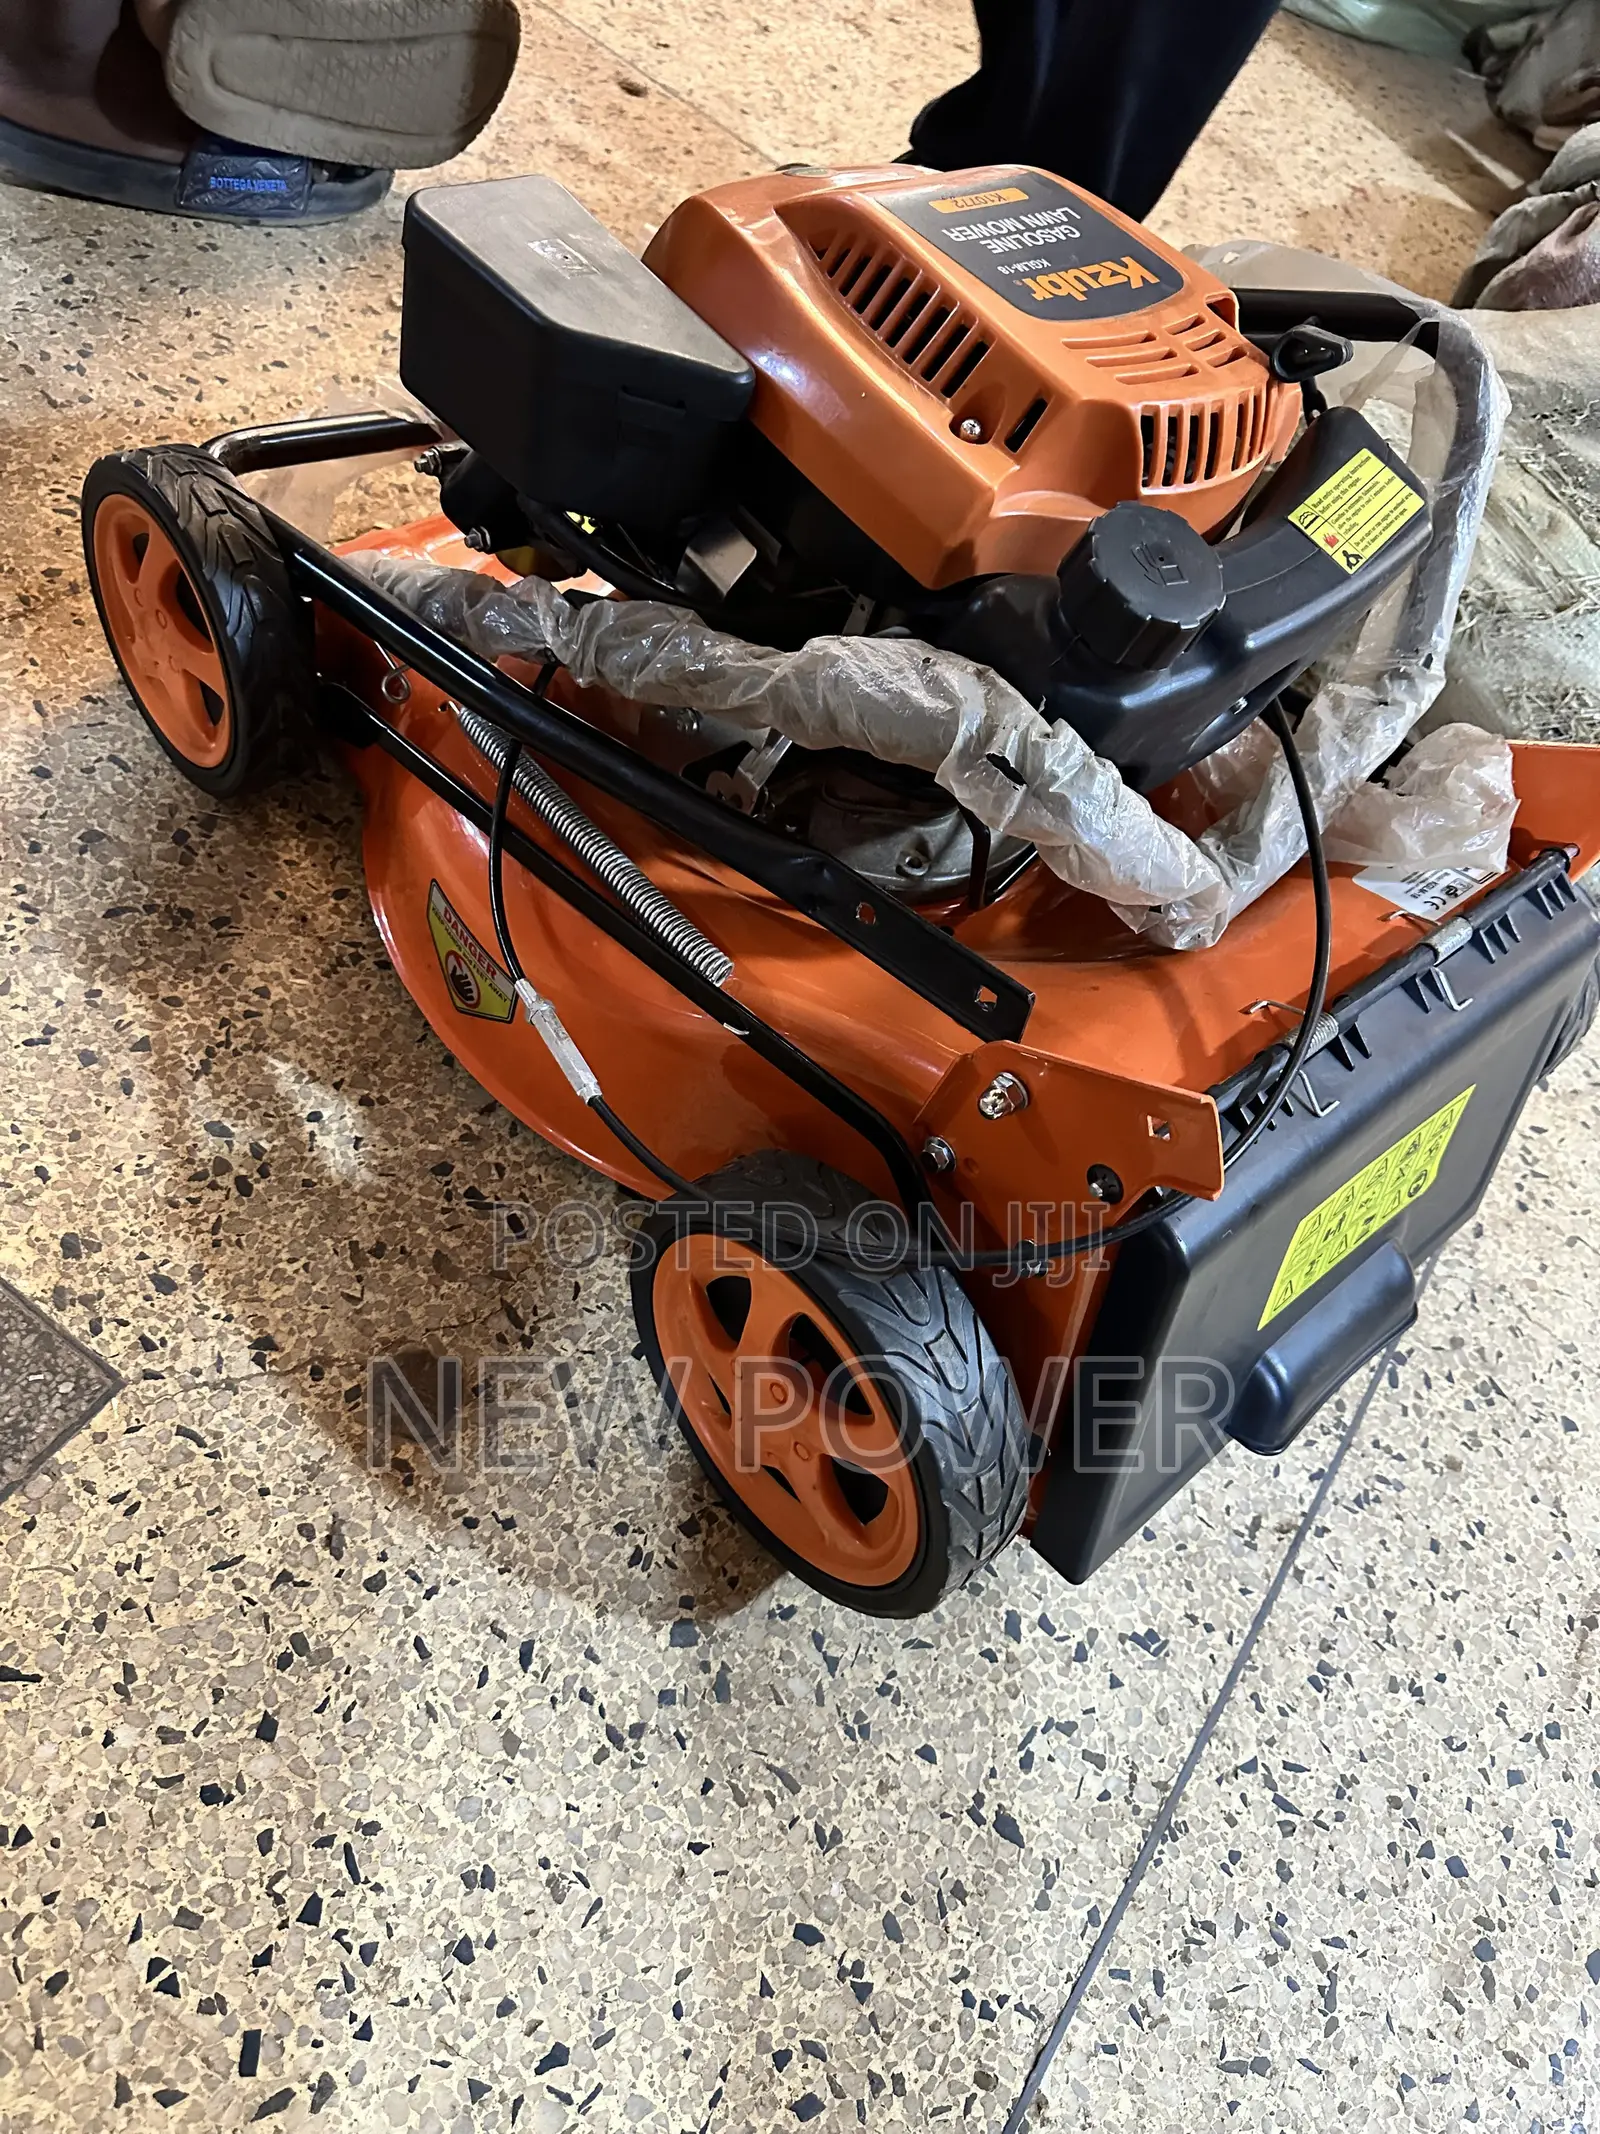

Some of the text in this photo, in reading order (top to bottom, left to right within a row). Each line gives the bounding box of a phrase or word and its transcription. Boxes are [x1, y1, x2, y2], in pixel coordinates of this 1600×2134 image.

[210, 177, 287, 192] BOTTEGA VENETA
[952, 191, 1006, 209] K10772
[941, 206, 1081, 243] LAWN MOWER
[979, 224, 1081, 254] GASOLINE
[996, 258, 1051, 275] KGLM-18
[1021, 256, 1159, 301] Kzubr
[1311, 497, 1324, 509] Read
[443, 907, 497, 980] DANGER
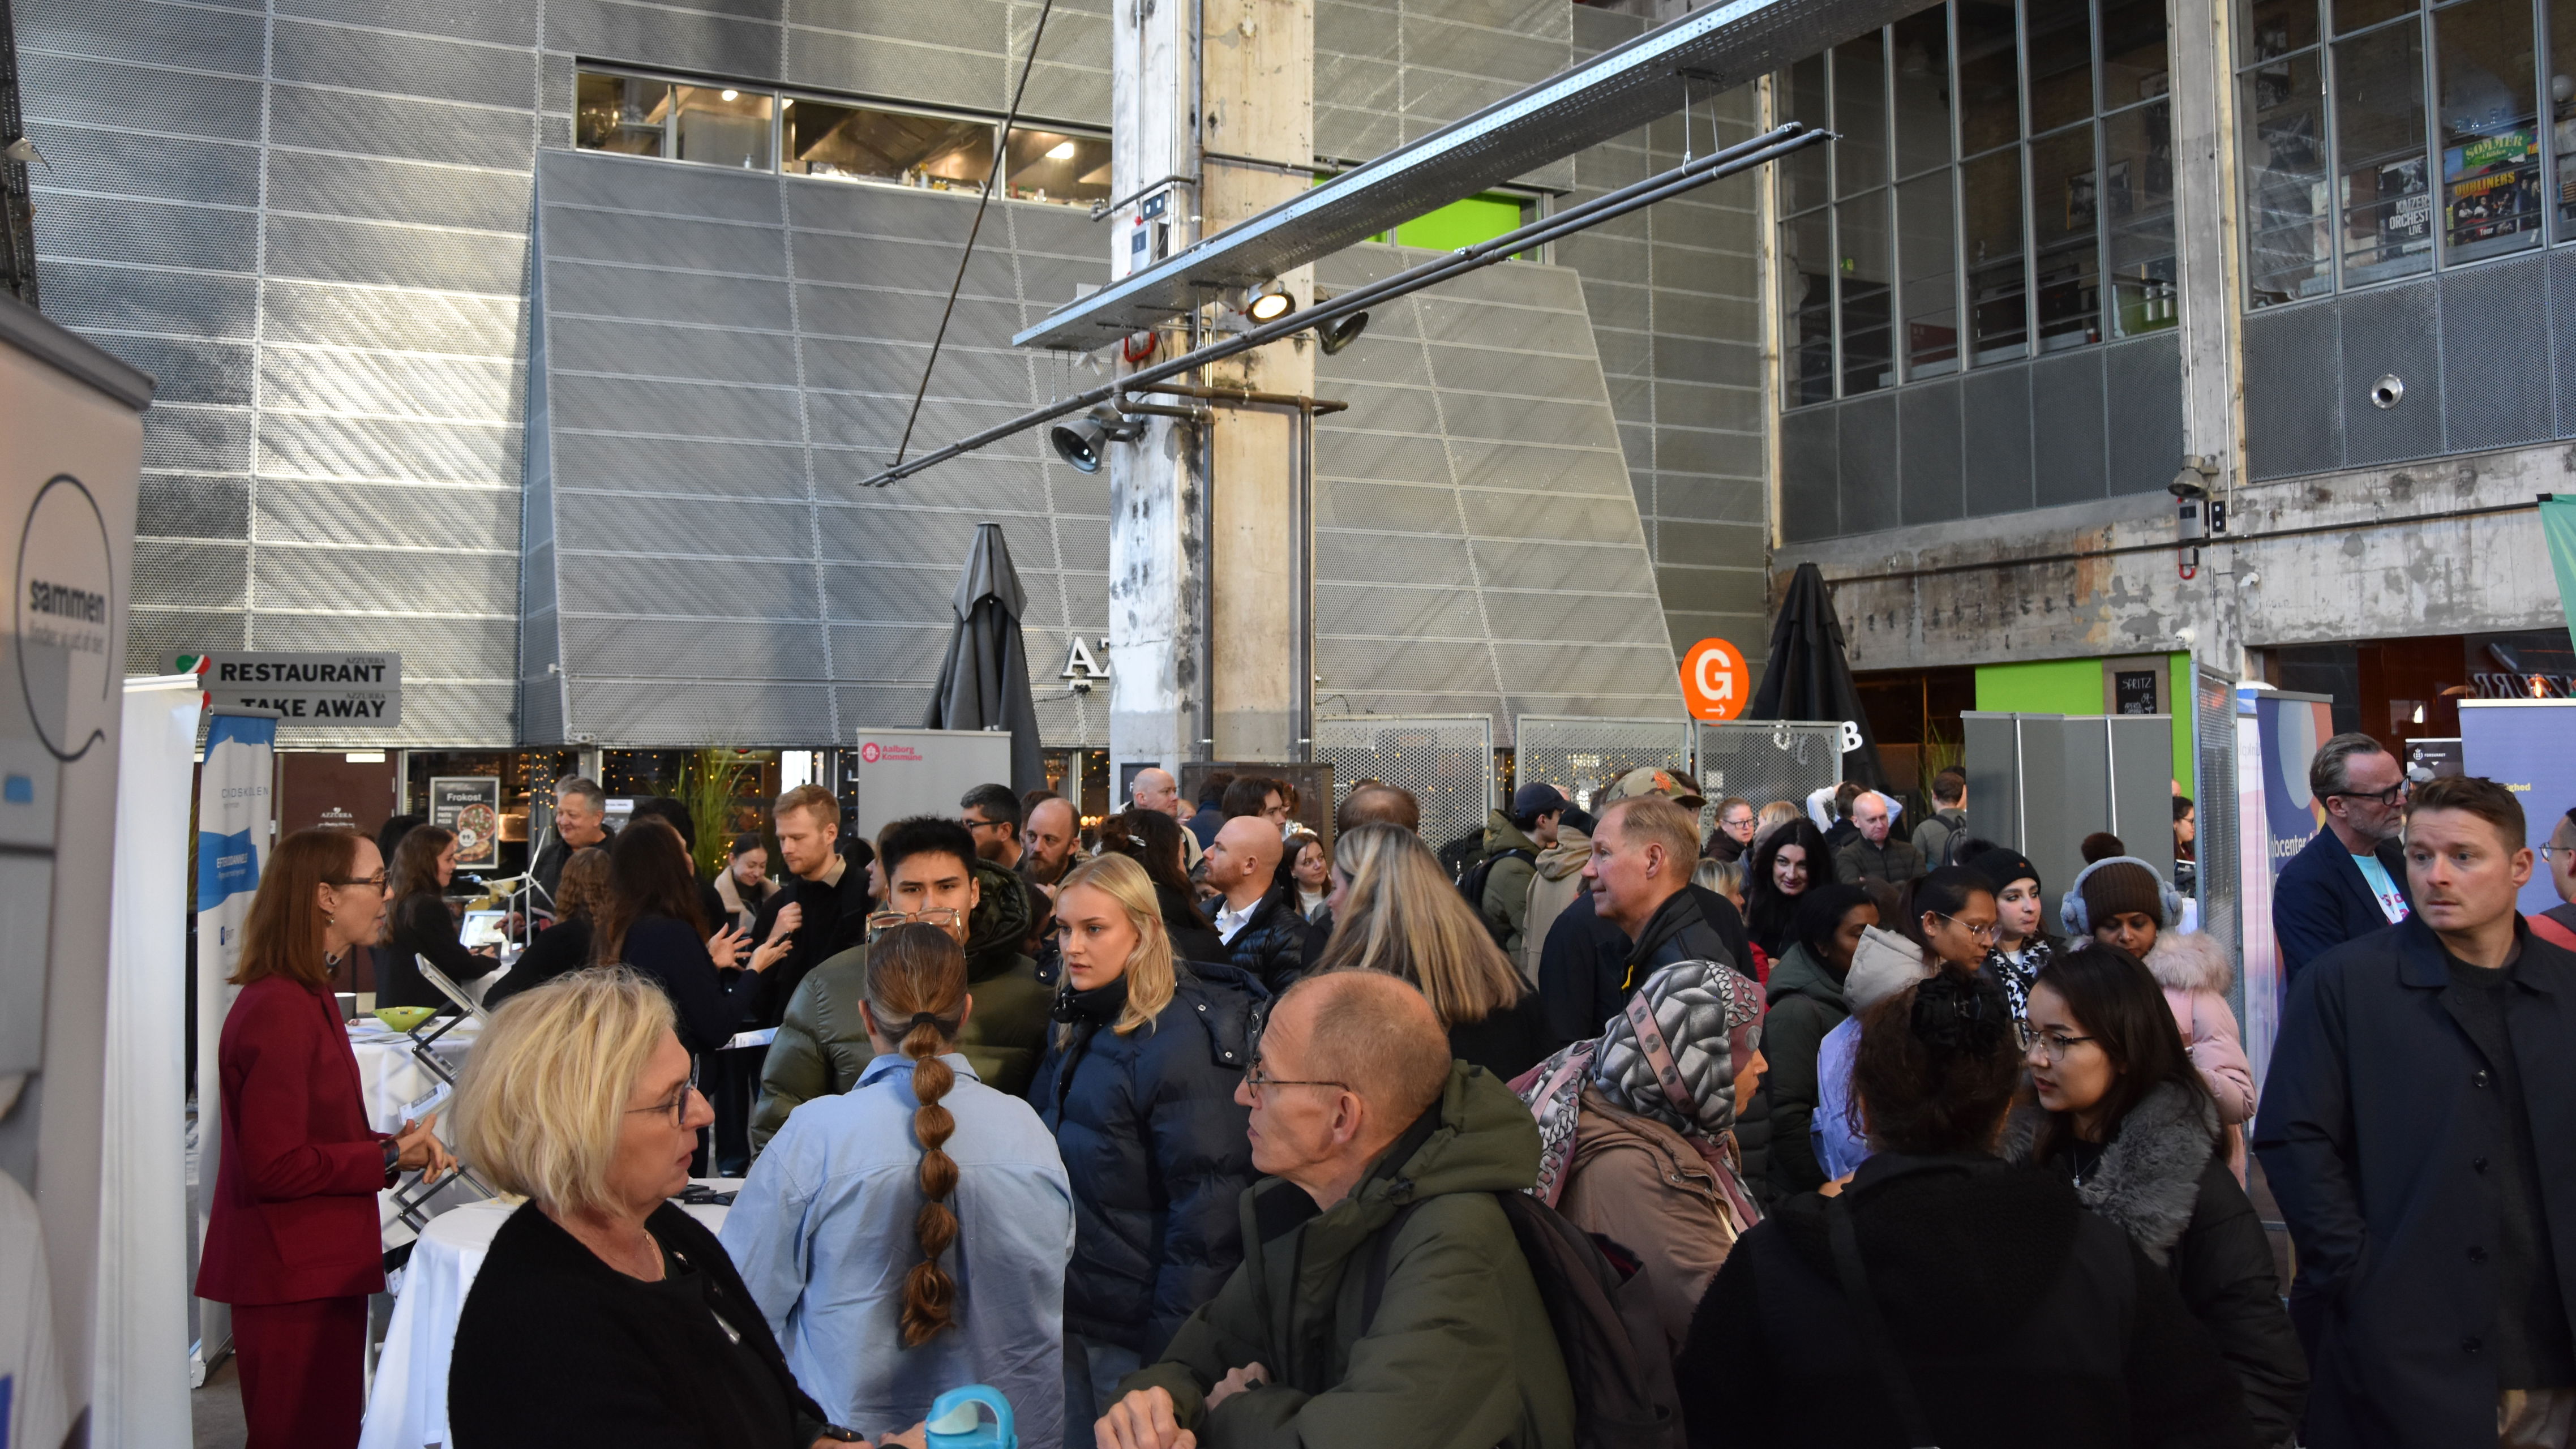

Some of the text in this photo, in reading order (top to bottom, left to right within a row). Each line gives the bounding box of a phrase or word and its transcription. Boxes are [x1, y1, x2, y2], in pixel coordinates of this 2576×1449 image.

[2466, 136, 2523, 159] SOMMER
[2455, 172, 2515, 196] DUBLINERS
[2389, 208, 2429, 230] ORCHEST
[2408, 224, 2423, 235] LIVE
[31, 580, 106, 624] sammen
[220, 663, 386, 682] RESTAURANT
[1695, 649, 1732, 700] G
[2122, 677, 2151, 689] SPRITZ
[314, 700, 386, 718] AWAY
[882, 745, 915, 754] Aalborg
[447, 792, 482, 801] Frokost

» What is required:
The records above are to be copied exactly, with no pictures carried over.

» Response:
Some of the text in this photo, in reading order (top to bottom, left to right within a row). Each line gives the bounding box of a phrase or word and its transcription. Boxes are [x1, y1, x2, y2], in pixel coordinates of this 1600×2134 image.

[210, 177, 287, 192] BOTTEGA VENETA
[952, 191, 1006, 209] K10772
[941, 206, 1081, 243] LAWN MOWER
[979, 224, 1081, 254] GASOLINE
[996, 258, 1051, 275] KGLM-18
[1021, 256, 1159, 301] Kzubr
[1311, 497, 1324, 509] Read
[443, 907, 497, 980] DANGER

Some of the text in this photo, in reading order (top to bottom, left to right within a row). Each line gives the bounding box of a phrase or word and its transcription. Boxes are [x1, y1, x2, y2], in pixel coordinates of this 2576×1449 image.

[2466, 136, 2523, 159] SOMMER
[2455, 172, 2515, 196] DUBLINERS
[2389, 208, 2429, 230] ORCHEST
[2408, 224, 2423, 235] LIVE
[31, 580, 106, 624] sammen
[220, 663, 386, 682] RESTAURANT
[1695, 649, 1732, 700] G
[2122, 677, 2151, 689] SPRITZ
[314, 700, 386, 718] AWAY
[882, 745, 915, 754] Aalborg
[447, 792, 482, 801] Frokost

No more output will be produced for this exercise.